On the Use of Variance per Genotype as a Tool to Identify Quantitative Trait Interaction Effects: A Report from the Women's Genome Health Study

• Published in: PLoS genetics Vol. 6; no. 6; p. e1000981
• Main Authors: Paré, Guillaume, Cook, Nancy R., Ridker, Paul M., Chasman, Daniel I.
• Format: Journal Article
• Language: English
• Published: United States Public Library of Science 01.05.2010; Public Library of Science (PLoS)

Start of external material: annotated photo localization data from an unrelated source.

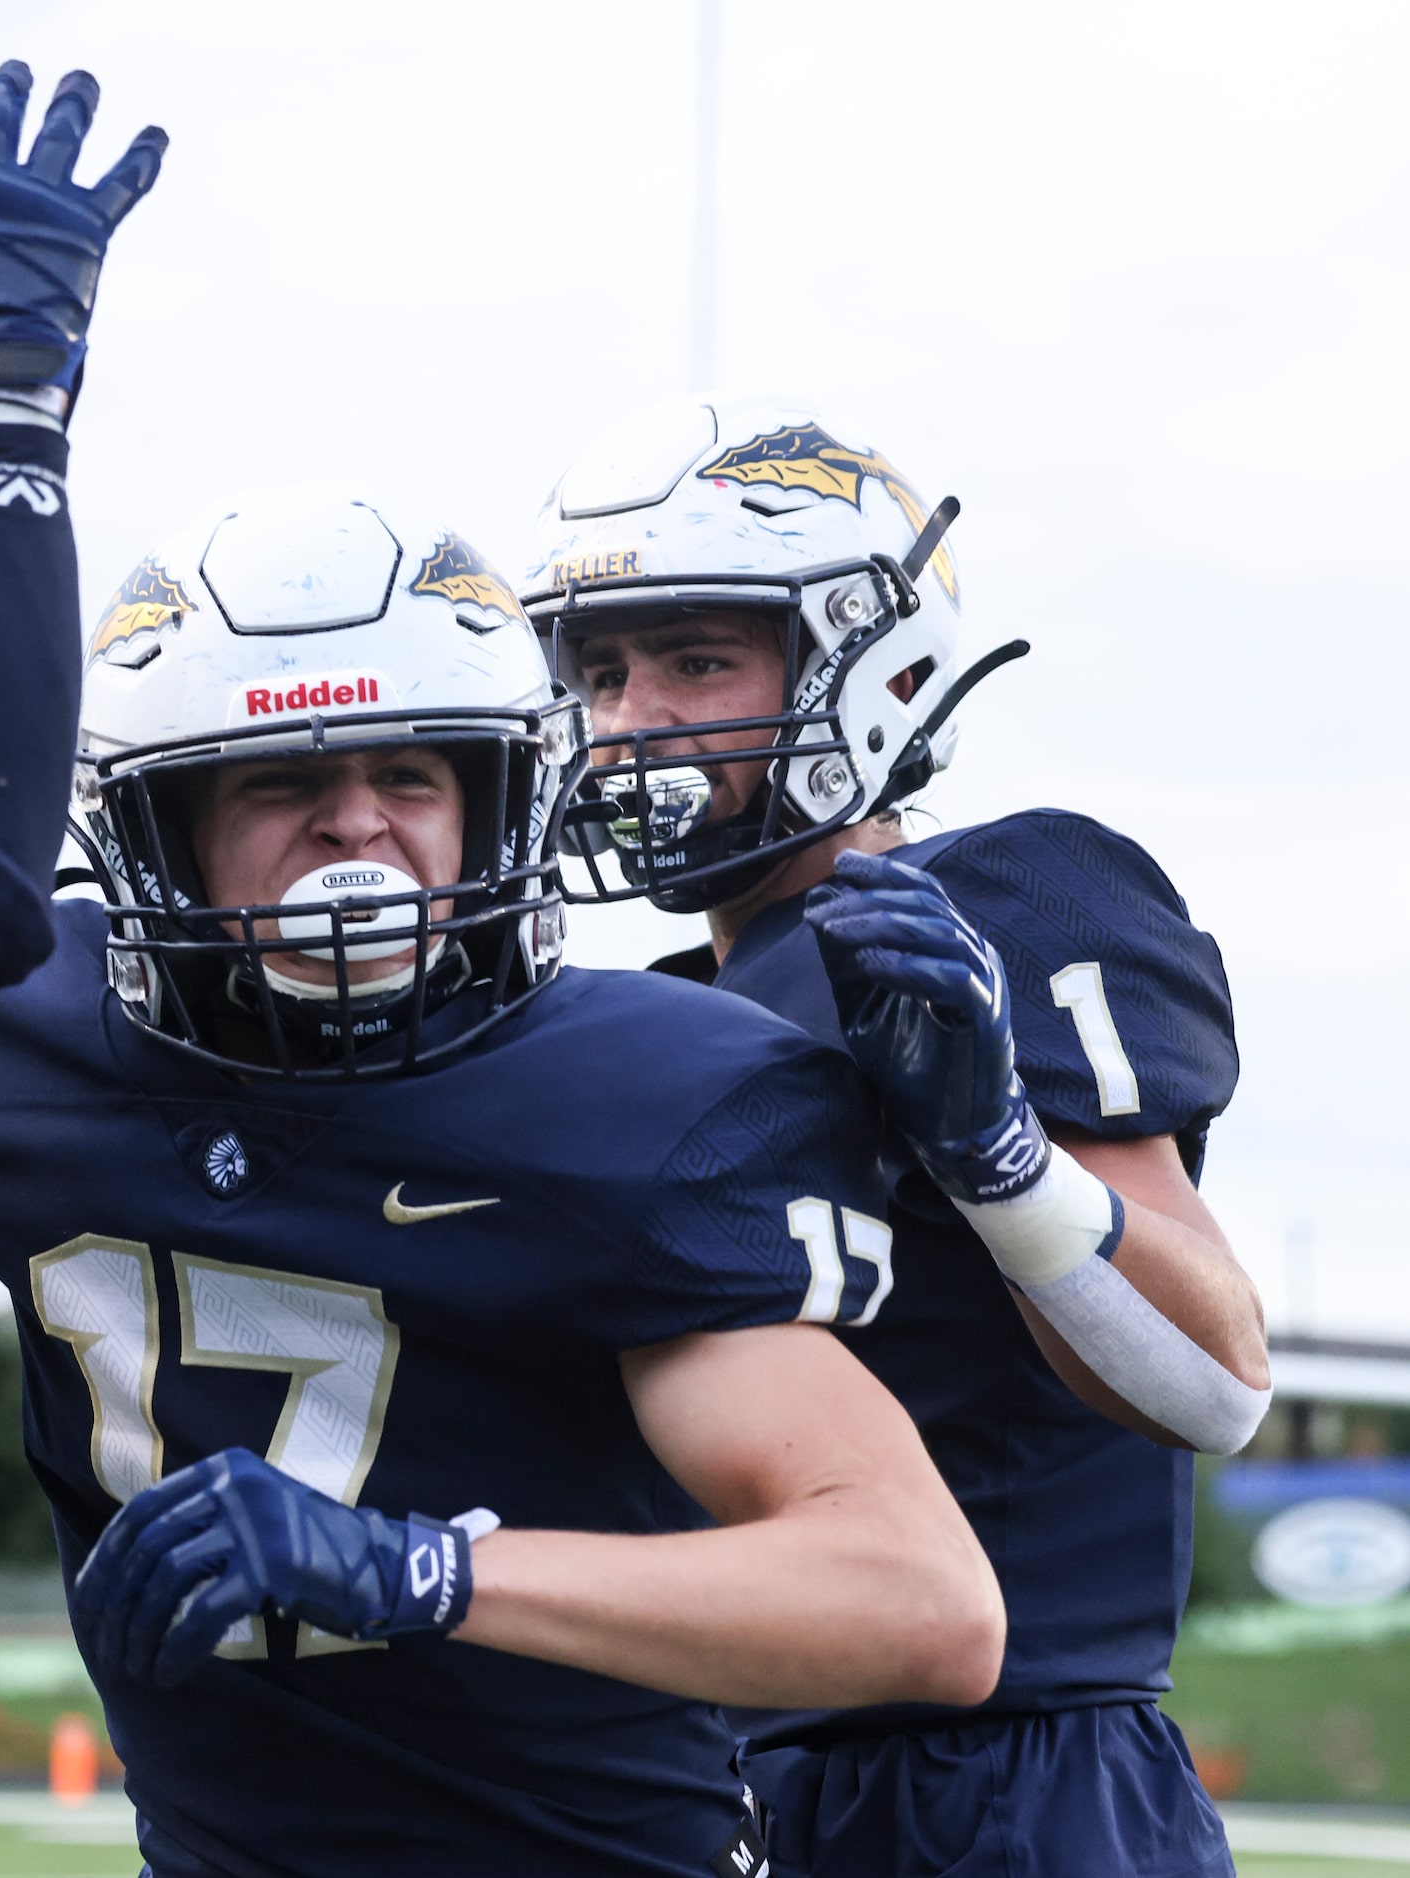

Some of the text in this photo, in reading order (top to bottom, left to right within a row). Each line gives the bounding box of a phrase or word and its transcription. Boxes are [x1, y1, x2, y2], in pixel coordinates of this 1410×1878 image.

[552, 549, 641, 586] KELLER
[246, 677, 378, 716] Riddell
[329, 874, 379, 885] BATTLE
[1049, 961, 1141, 1117] 1
[786, 1195, 894, 1327] 17
[30, 1232, 399, 1659] 17
[433, 1532, 457, 1624] CUTTERS
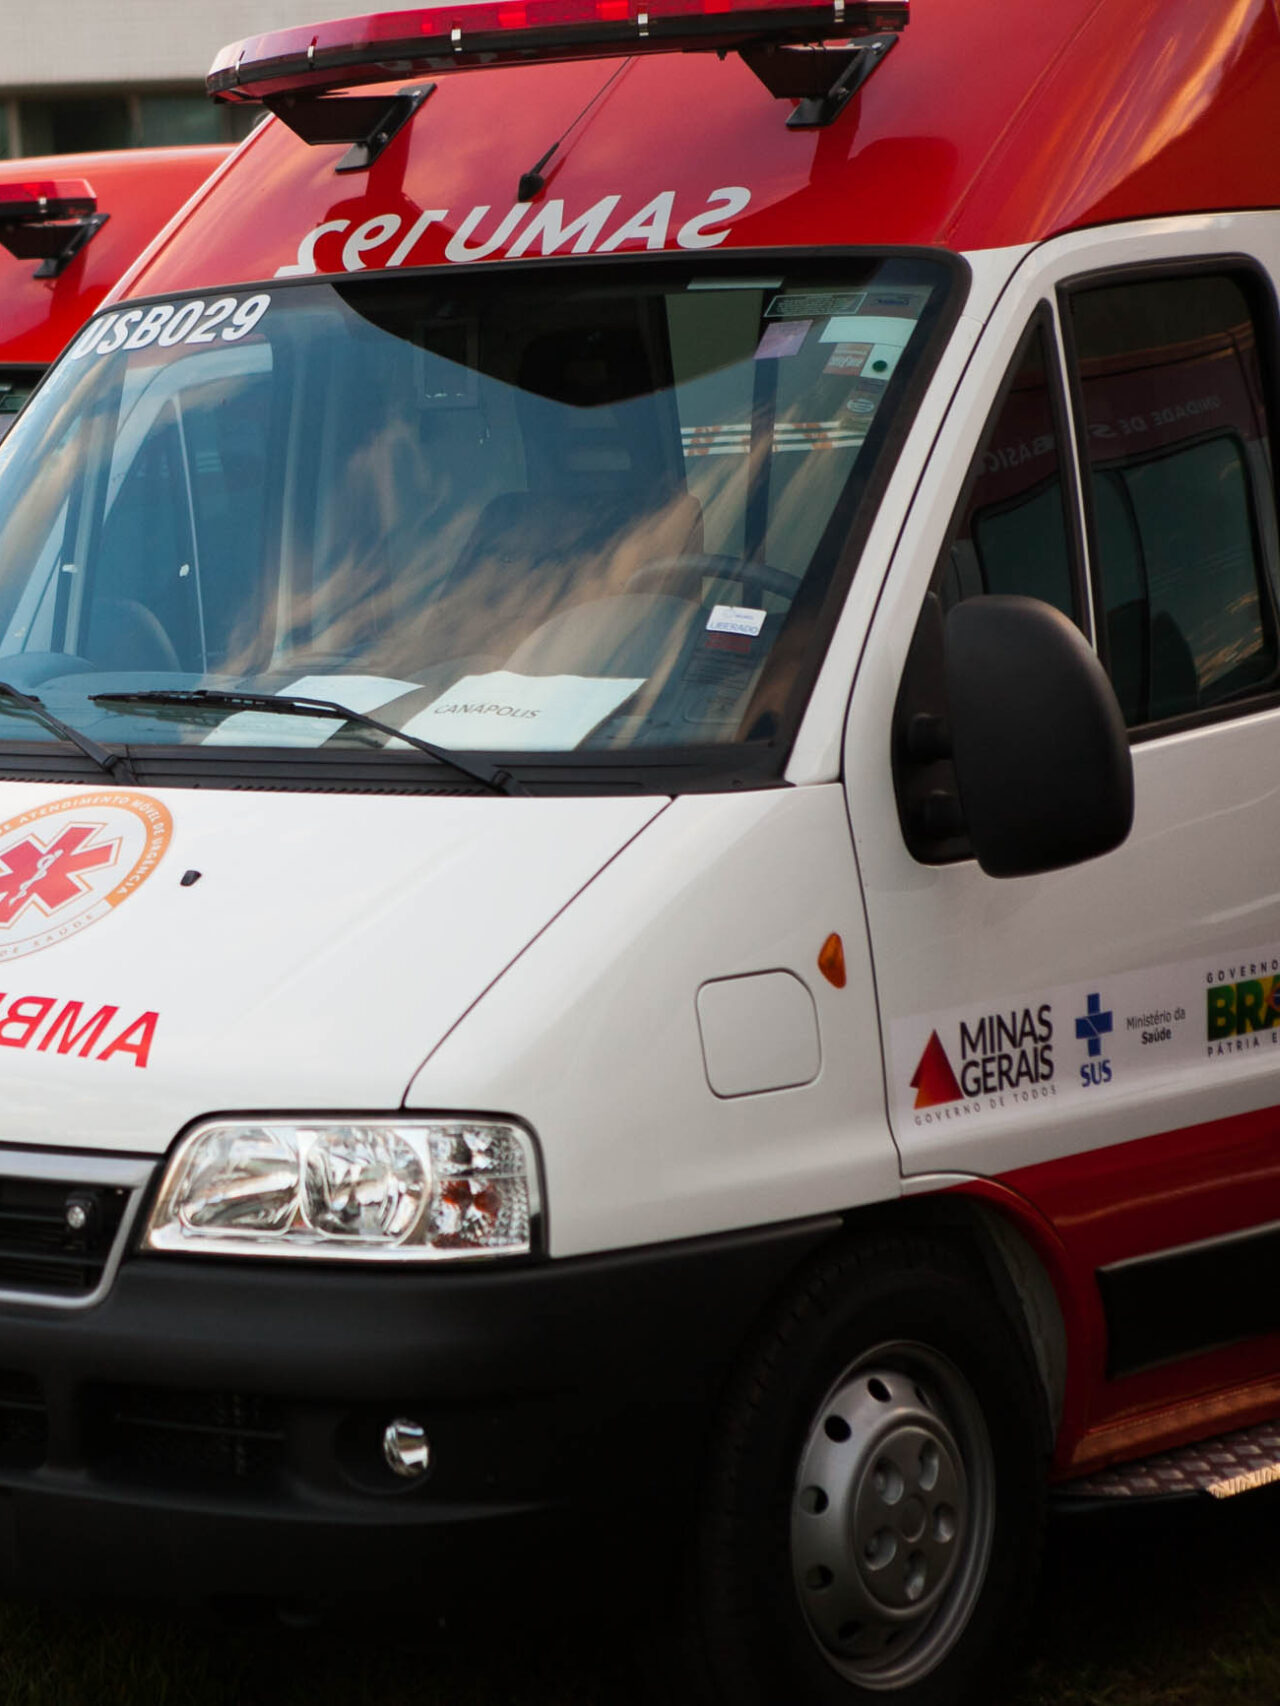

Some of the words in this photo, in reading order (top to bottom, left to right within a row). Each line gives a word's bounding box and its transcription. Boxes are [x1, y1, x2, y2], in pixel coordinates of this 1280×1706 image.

[70, 293, 272, 361] USB029
[1207, 959, 1278, 984] GOVERNO
[960, 1003, 1053, 1060] MINAS
[1126, 1009, 1173, 1031] Ministério
[1174, 1007, 1186, 1022] da
[1141, 1027, 1172, 1045] Saúde
[961, 1044, 1055, 1098] GERAIS
[1080, 1059, 1113, 1088] SUS
[914, 1102, 982, 1126] GOVERNO
[990, 1096, 1005, 1110] DE
[1014, 1084, 1057, 1103] TODOS
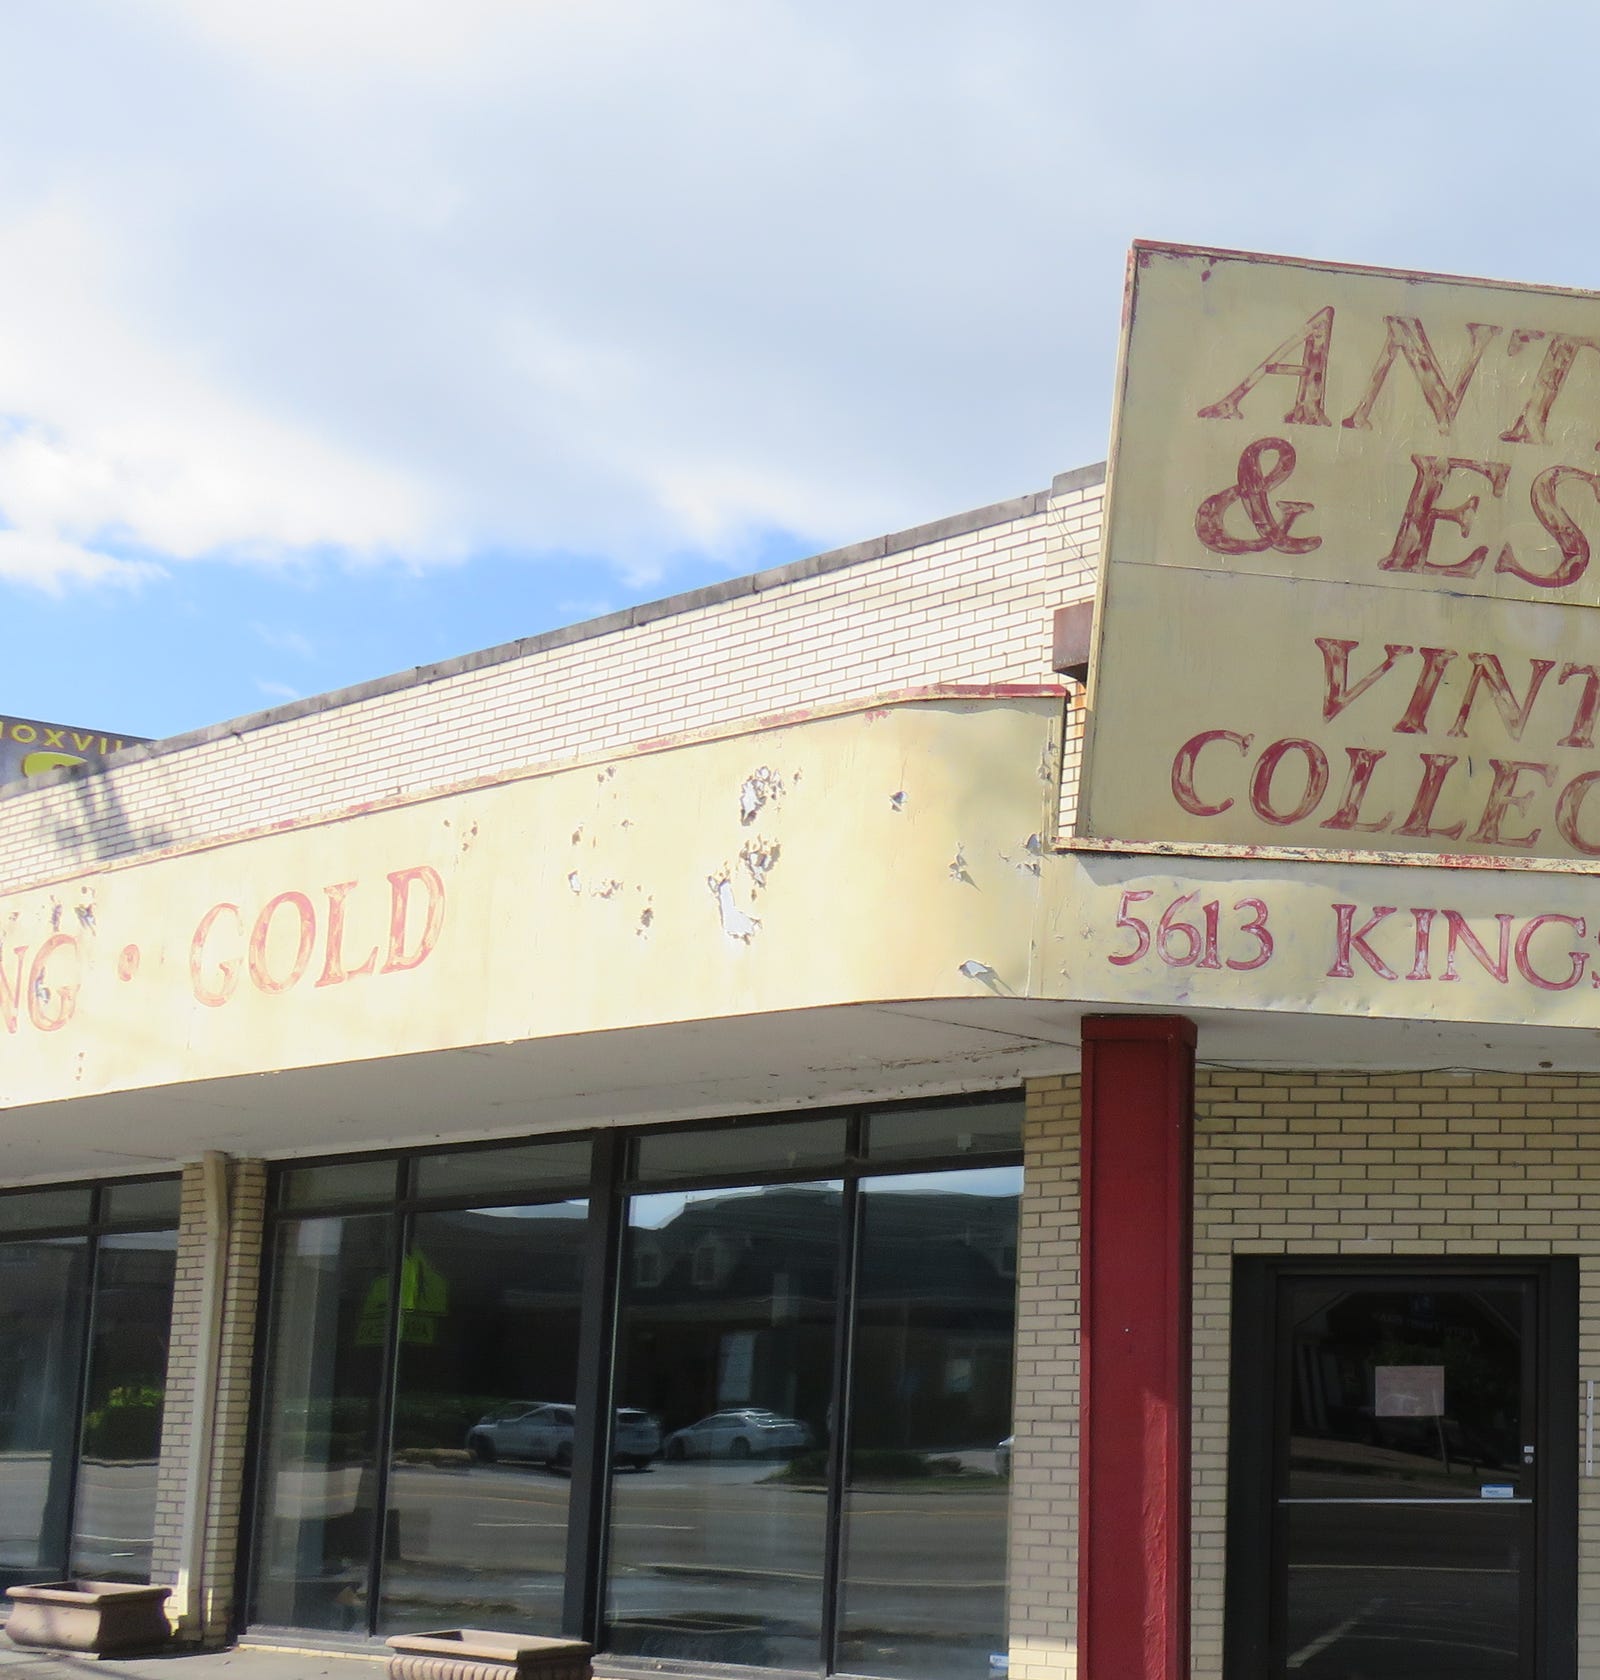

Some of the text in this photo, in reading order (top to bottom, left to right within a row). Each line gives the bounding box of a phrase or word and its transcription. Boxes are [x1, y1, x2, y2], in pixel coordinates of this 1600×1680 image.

• Subjects: Body mass index; C-reactive protein; Charitable foundations; Design; Diabetes and Endocrinology/Obesity; Female; Genetic aspects; Genetic Association Studies - methods; Genetics; Genetics and Genomics/Bioinformatics; Genetics and Genomics/Complex Traits; Genome, Human; Genomes; Genotype; Genotype & phenotype; Health aspects; Humans; Hypothesis testing; Inequality; Insulin; Insulin resistance; Intercellular Adhesion Molecule-1 - blood; Intercellular Adhesion Molecule-1 - genetics; Methods; Obesity; Physiological aspects; Polymorphism, Single Nucleotide; Proteins; Quantitative Trait Loci; Single nucleotide polymorphisms; Smoking; Studies; Women; Canada; United States
• ISSN: 1553-7404; 1553-7390; 1553-7404
• DOI: 10.1371/journal.pgen.1000981

Testing for genetic effects on mean values of a quantitative trait has been a very successful strategy. However, most studies to date have not explored genetic effects on the variance of quantitative traits as a relevant consequence of genetic variation. In this report, we demonstrate that, under plausible scenarios of genetic interaction, the variance of a quantitative trait is expected to differ among the three possible genotypes of a biallelic SNP. Leveraging this observation with Levene's test of equality of variance, we propose a novel method to prioritize SNPs for subsequent gene-gene and gene-environment testing. This method has the advantageous characteristic that the interacting covariate need not be known or measured for a SNP to be prioritized. Using simulations, we show that this method has increased power over exhaustive search under certain conditions. We further investigate the utility of variance per genotype by examining data from the Women's Genome Health Study. Using this dataset, we identify new interactions between the LEPR SNP rs12753193 and body mass index in the prediction of C-reactive protein levels, between the ICAM1 SNP rs1799969 and smoking in the prediction of soluble ICAM-1 levels, and between the PNPLA3 SNP rs738409 and body mass index in the prediction of soluble ICAM-1 levels. These results demonstrate the utility of our approach and provide novel genetic insight into the relationship among obesity, smoking, and inflammation.